▸ DATA FOR PROCESSING
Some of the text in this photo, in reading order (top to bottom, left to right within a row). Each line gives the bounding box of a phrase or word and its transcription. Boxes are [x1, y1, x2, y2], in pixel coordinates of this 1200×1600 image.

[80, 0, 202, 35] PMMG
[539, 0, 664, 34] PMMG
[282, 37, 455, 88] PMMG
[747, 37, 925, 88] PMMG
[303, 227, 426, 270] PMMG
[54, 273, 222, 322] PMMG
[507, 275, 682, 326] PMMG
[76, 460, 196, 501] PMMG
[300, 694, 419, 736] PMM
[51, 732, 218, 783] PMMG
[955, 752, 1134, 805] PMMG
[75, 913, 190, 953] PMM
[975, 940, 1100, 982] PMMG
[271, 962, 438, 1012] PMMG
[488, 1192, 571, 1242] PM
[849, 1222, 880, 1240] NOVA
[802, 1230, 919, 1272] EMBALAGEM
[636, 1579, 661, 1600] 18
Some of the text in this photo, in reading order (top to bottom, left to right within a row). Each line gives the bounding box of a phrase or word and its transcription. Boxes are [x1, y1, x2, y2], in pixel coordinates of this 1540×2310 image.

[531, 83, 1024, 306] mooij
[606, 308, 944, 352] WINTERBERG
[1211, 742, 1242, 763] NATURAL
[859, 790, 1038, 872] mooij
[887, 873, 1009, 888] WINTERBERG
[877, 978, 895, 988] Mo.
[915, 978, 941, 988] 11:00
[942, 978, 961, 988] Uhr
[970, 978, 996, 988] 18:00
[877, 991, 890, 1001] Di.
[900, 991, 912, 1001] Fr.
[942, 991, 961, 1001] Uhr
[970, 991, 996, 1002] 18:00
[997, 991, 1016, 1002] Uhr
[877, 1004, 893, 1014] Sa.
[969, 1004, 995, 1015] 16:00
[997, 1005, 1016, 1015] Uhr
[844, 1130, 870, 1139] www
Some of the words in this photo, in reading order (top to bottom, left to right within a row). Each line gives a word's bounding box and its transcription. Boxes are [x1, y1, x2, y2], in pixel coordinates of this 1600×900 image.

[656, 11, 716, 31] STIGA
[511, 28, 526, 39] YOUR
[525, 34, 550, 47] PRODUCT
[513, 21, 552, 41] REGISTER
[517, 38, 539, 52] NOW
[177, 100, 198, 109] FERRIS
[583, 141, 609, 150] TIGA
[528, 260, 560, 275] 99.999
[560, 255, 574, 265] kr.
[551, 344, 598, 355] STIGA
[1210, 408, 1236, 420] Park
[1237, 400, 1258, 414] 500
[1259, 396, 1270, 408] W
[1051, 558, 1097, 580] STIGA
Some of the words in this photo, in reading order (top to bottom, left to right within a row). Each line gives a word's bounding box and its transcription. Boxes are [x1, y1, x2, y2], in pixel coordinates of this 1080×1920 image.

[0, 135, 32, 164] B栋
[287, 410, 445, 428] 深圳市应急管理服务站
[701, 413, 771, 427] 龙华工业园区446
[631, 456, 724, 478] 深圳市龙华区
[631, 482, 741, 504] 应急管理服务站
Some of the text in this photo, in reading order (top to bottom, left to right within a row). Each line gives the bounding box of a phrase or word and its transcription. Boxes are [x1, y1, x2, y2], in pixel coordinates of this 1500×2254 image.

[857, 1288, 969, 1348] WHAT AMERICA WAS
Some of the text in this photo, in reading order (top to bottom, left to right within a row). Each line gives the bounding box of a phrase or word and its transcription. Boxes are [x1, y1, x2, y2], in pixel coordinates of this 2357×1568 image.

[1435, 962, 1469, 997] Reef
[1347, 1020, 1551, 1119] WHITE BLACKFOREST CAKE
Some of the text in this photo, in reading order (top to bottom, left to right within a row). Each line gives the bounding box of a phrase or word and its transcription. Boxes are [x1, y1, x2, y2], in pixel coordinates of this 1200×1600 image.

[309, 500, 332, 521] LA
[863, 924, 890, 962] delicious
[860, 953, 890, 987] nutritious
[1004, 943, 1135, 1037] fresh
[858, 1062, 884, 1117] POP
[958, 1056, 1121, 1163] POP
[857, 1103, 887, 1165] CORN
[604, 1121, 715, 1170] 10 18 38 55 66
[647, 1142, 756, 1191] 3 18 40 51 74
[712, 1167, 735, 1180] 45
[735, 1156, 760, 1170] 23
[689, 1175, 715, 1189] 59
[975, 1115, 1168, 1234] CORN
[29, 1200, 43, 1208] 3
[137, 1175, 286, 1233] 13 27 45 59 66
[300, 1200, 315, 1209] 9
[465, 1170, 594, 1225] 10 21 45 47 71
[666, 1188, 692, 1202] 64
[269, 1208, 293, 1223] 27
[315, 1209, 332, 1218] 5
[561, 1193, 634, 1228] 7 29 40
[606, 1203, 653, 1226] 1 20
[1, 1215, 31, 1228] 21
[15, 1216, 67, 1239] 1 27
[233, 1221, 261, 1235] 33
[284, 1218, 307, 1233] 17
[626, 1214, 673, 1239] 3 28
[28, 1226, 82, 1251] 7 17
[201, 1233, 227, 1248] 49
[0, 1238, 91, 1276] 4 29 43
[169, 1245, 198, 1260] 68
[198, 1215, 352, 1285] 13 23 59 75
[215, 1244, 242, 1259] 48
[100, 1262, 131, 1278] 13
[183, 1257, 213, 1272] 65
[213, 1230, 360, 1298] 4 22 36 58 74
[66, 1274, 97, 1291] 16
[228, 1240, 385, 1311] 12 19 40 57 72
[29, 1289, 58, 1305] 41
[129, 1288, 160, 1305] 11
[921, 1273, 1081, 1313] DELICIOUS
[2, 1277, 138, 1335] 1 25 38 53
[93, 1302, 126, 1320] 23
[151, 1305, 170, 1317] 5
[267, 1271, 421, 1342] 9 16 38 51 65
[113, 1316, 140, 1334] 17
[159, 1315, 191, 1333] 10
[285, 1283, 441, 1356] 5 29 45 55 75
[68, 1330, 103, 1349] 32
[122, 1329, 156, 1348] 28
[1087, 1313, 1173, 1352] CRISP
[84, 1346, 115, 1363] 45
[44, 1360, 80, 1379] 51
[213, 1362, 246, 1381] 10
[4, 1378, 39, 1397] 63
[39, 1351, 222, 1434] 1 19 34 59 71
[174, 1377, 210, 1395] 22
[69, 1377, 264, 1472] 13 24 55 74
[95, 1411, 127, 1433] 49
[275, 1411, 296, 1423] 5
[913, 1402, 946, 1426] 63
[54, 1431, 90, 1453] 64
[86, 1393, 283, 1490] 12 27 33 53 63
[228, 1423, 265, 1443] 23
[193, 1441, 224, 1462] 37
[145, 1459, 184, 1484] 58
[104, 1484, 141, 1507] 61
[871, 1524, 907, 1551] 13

▸ THE TASK
From the first line to the last, restate the data above exactly.

▸ RESULT OF THIS TASK
Some of the text in this photo, in reading order (top to bottom, left to right within a row). Each line gives the bounding box of a phrase or word and its transcription. Boxes are [x1, y1, x2, y2], in pixel coordinates of this 1200×1600 image.

[80, 0, 202, 35] PMMG
[539, 0, 664, 34] PMMG
[282, 37, 455, 88] PMMG
[747, 37, 925, 88] PMMG
[303, 227, 426, 270] PMMG
[54, 273, 222, 322] PMMG
[507, 275, 682, 326] PMMG
[76, 460, 196, 501] PMMG
[300, 694, 419, 736] PMM
[51, 732, 218, 783] PMMG
[955, 752, 1134, 805] PMMG
[75, 913, 190, 953] PMM
[975, 940, 1100, 982] PMMG
[271, 962, 438, 1012] PMMG
[488, 1192, 571, 1242] PM
[849, 1222, 880, 1240] NOVA
[802, 1230, 919, 1272] EMBALAGEM
[636, 1579, 661, 1600] 18
Some of the text in this photo, in reading order (top to bottom, left to right within a row). Each line gives the bounding box of a phrase or word and its transcription. Boxes are [x1, y1, x2, y2], in pixel coordinates of this 1540×2310 image.

[531, 83, 1024, 306] mooij
[606, 308, 944, 352] WINTERBERG
[1211, 742, 1242, 763] NATURAL
[859, 790, 1038, 872] mooij
[887, 873, 1009, 888] WINTERBERG
[877, 978, 895, 988] Mo.
[915, 978, 941, 988] 11:00
[942, 978, 961, 988] Uhr
[970, 978, 996, 988] 18:00
[877, 991, 890, 1001] Di.
[900, 991, 912, 1001] Fr.
[942, 991, 961, 1001] Uhr
[970, 991, 996, 1002] 18:00
[997, 991, 1016, 1002] Uhr
[877, 1004, 893, 1014] Sa.
[969, 1004, 995, 1015] 16:00
[997, 1005, 1016, 1015] Uhr
[844, 1130, 870, 1139] www
Some of the words in this photo, in reading order (top to bottom, left to right within a row). Each line gives a word's bounding box and its transcription. Boxes are [x1, y1, x2, y2], in pixel coordinates of this 1600×900 image.

[656, 11, 716, 31] STIGA
[511, 28, 526, 39] YOUR
[525, 34, 550, 47] PRODUCT
[513, 21, 552, 41] REGISTER
[517, 38, 539, 52] NOW
[177, 100, 198, 109] FERRIS
[583, 141, 609, 150] TIGA
[528, 260, 560, 275] 99.999
[560, 255, 574, 265] kr.
[551, 344, 598, 355] STIGA
[1210, 408, 1236, 420] Park
[1237, 400, 1258, 414] 500
[1259, 396, 1270, 408] W
[1051, 558, 1097, 580] STIGA
Some of the words in this photo, in reading order (top to bottom, left to right within a row). Each line gives a word's bounding box and its transcription. Boxes are [x1, y1, x2, y2], in pixel coordinates of this 1080×1920 image.

[0, 135, 32, 164] B栋
[287, 410, 445, 428] 深圳市应急管理服务站
[701, 413, 771, 427] 龙华工业园区446
[631, 456, 724, 478] 深圳市龙华区
[631, 482, 741, 504] 应急管理服务站
Some of the text in this photo, in reading order (top to bottom, left to right within a row). Each line gives the bounding box of a phrase or word and its transcription. Boxes are [x1, y1, x2, y2], in pixel coordinates of this 1500×2254 image.

[857, 1288, 969, 1348] WHAT AMERICA WAS
Some of the text in this photo, in reading order (top to bottom, left to right within a row). Each line gives the bounding box of a phrase or word and its transcription. Boxes are [x1, y1, x2, y2], in pixel coordinates of this 2357×1568 image.

[1435, 962, 1469, 997] Reef
[1347, 1020, 1551, 1119] WHITE BLACKFOREST CAKE
Some of the text in this photo, in reading order (top to bottom, left to right within a row). Each line gives the bounding box of a phrase or word and its transcription. Boxes are [x1, y1, x2, y2], in pixel coordinates of this 1200×1600 image.

[309, 500, 332, 521] LA
[863, 924, 890, 962] delicious
[860, 953, 890, 987] nutritious
[1004, 943, 1135, 1037] fresh
[858, 1062, 884, 1117] POP
[958, 1056, 1121, 1163] POP
[857, 1103, 887, 1165] CORN
[604, 1121, 715, 1170] 10 18 38 55 66
[647, 1142, 756, 1191] 3 18 40 51 74
[712, 1167, 735, 1180] 45
[735, 1156, 760, 1170] 23
[689, 1175, 715, 1189] 59
[975, 1115, 1168, 1234] CORN
[29, 1200, 43, 1208] 3
[137, 1175, 286, 1233] 13 27 45 59 66
[300, 1200, 315, 1209] 9
[465, 1170, 594, 1225] 10 21 45 47 71
[666, 1188, 692, 1202] 64
[269, 1208, 293, 1223] 27
[315, 1209, 332, 1218] 5
[561, 1193, 634, 1228] 7 29 40
[606, 1203, 653, 1226] 1 20
[1, 1215, 31, 1228] 21
[15, 1216, 67, 1239] 1 27
[233, 1221, 261, 1235] 33
[284, 1218, 307, 1233] 17
[626, 1214, 673, 1239] 3 28
[28, 1226, 82, 1251] 7 17
[201, 1233, 227, 1248] 49
[0, 1238, 91, 1276] 4 29 43
[169, 1245, 198, 1260] 68
[198, 1215, 352, 1285] 13 23 59 75
[215, 1244, 242, 1259] 48
[100, 1262, 131, 1278] 13
[183, 1257, 213, 1272] 65
[213, 1230, 360, 1298] 4 22 36 58 74
[66, 1274, 97, 1291] 16
[228, 1240, 385, 1311] 12 19 40 57 72
[29, 1289, 58, 1305] 41
[129, 1288, 160, 1305] 11
[921, 1273, 1081, 1313] DELICIOUS
[2, 1277, 138, 1335] 1 25 38 53
[93, 1302, 126, 1320] 23
[151, 1305, 170, 1317] 5
[267, 1271, 421, 1342] 9 16 38 51 65
[113, 1316, 140, 1334] 17
[159, 1315, 191, 1333] 10
[285, 1283, 441, 1356] 5 29 45 55 75
[68, 1330, 103, 1349] 32
[122, 1329, 156, 1348] 28
[1087, 1313, 1173, 1352] CRISP
[84, 1346, 115, 1363] 45
[44, 1360, 80, 1379] 51
[213, 1362, 246, 1381] 10
[4, 1378, 39, 1397] 63
[39, 1351, 222, 1434] 1 19 34 59 71
[174, 1377, 210, 1395] 22
[69, 1377, 264, 1472] 13 24 55 74
[95, 1411, 127, 1433] 49
[275, 1411, 296, 1423] 5
[913, 1402, 946, 1426] 63
[54, 1431, 90, 1453] 64
[86, 1393, 283, 1490] 12 27 33 53 63
[228, 1423, 265, 1443] 23
[193, 1441, 224, 1462] 37
[145, 1459, 184, 1484] 58
[104, 1484, 141, 1507] 61
[871, 1524, 907, 1551] 13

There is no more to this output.